What does it mean to have a lot of Facebook friends? According to one federal judge, not much.
In In re Air Crash Near Clarence Ctr., WDNY 09-md-2085 (Nov. 18, 2013), which arose from the February 12, 2009 crash of Flight 3407, defendant sought production of the Facebook “friend list” of Kevin Guo. Kevin, whose father died in the crash, suffers from Asperger’s Disorder.
Defendant argued that production of Kevin’s “friend list” was “relevant to assessing Kevin’s Asperger’s Disorder, particularly his ability to socialize and communicate with others.”
The court disagreed, reasoning:
Given the ease with which “friends” can be collected on Facebook—indeed, one can be “friends” with people known to them, with strangers, with celebrities, with animals, and even with inanimate objects—Colgan’s argument that Kevin’s “friend list” is relevant to assessing his ability to socialize and communicate is unpersuasive.
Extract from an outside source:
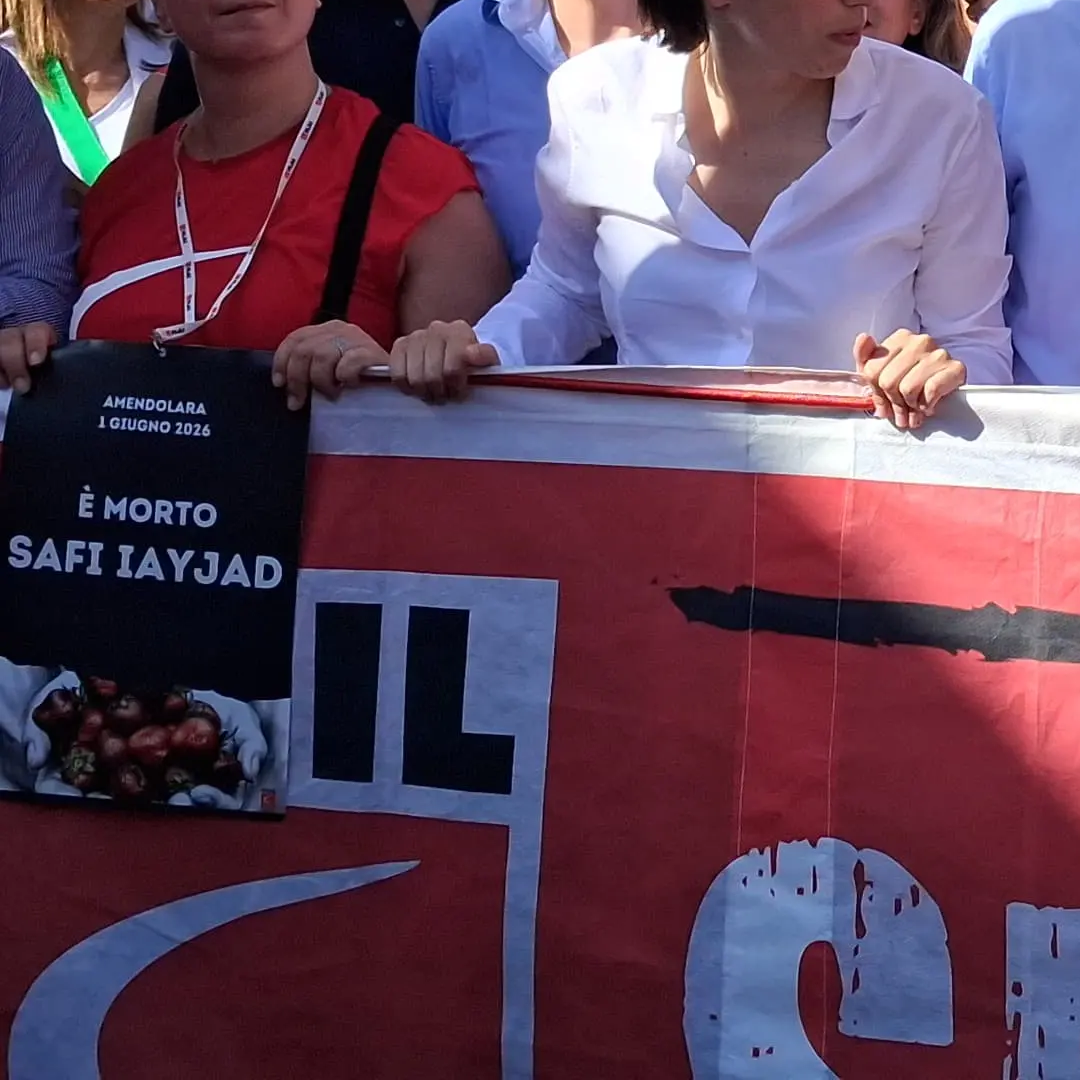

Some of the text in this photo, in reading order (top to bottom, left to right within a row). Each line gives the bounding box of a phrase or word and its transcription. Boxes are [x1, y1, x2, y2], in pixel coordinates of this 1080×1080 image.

There seems little likelihood of a correlation between the number of one’s virtual Facebook friends and one’s ability to socialize and communicate in the real world. To the extent Kevin’s Facebook presence contributes to an assessment of his Asperger’s Disorder, Plaintiff’s Facebook production thus far, which includes every post, picture, and message, is adequate. Kevin’s “friend list” adds nothing meaningful and Plaintiff is therefore not required to produce it. (Emphasis added.)
This is particularly telling, since the standard for discovery of information in litigation is significantly lower than the standard for its admissibility at trial.